= TASK GOAL =
Pictures aside, can you reproduce the records word for word?
(Beginning of EXERCISE DATA)
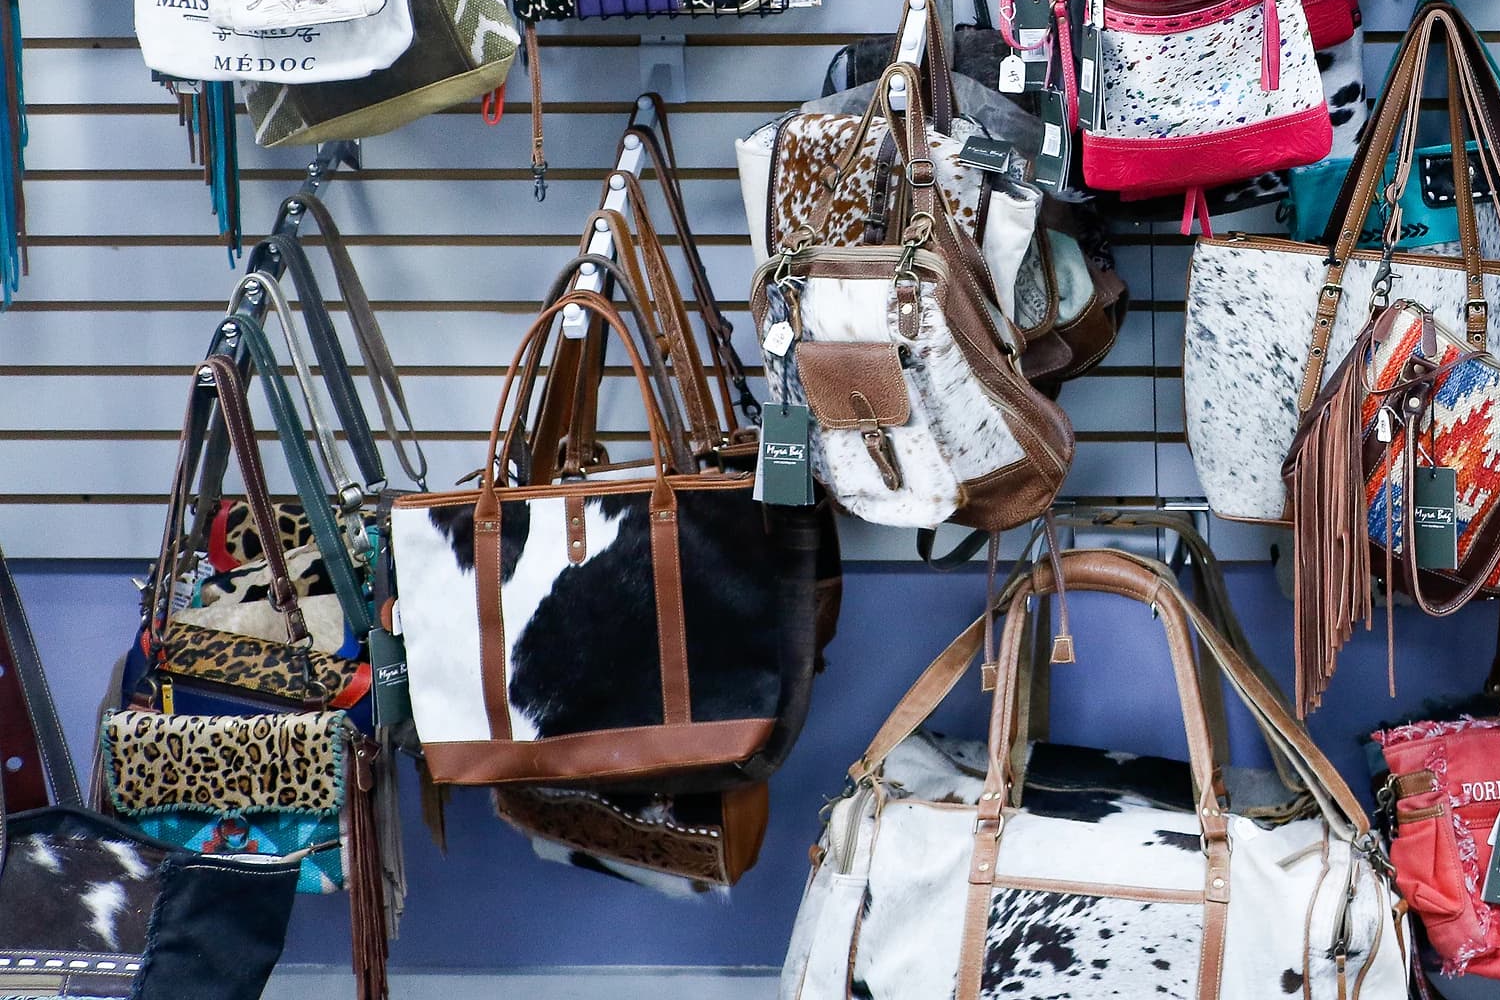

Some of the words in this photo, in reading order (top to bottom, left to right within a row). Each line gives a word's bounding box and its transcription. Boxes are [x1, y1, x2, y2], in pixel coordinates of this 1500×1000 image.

[213, 53, 317, 72] MÉDOC
[766, 444, 787, 458] Myra
[789, 445, 804, 459] Bag
[1415, 508, 1435, 521] Myra
[1437, 509, 1452, 523] Bag
(End of EXERCISE DATA)
= ANSWER SECTION =
Some of the words in this photo, in reading order (top to bottom, left to right within a row). Each line gives a word's bounding box and its transcription. Boxes are [x1, y1, x2, y2], in pixel coordinates of this 1500×1000 image.

[213, 53, 317, 72] MÉDOC
[766, 444, 787, 458] Myra
[789, 445, 804, 459] Bag
[1415, 508, 1435, 521] Myra
[1437, 509, 1452, 523] Bag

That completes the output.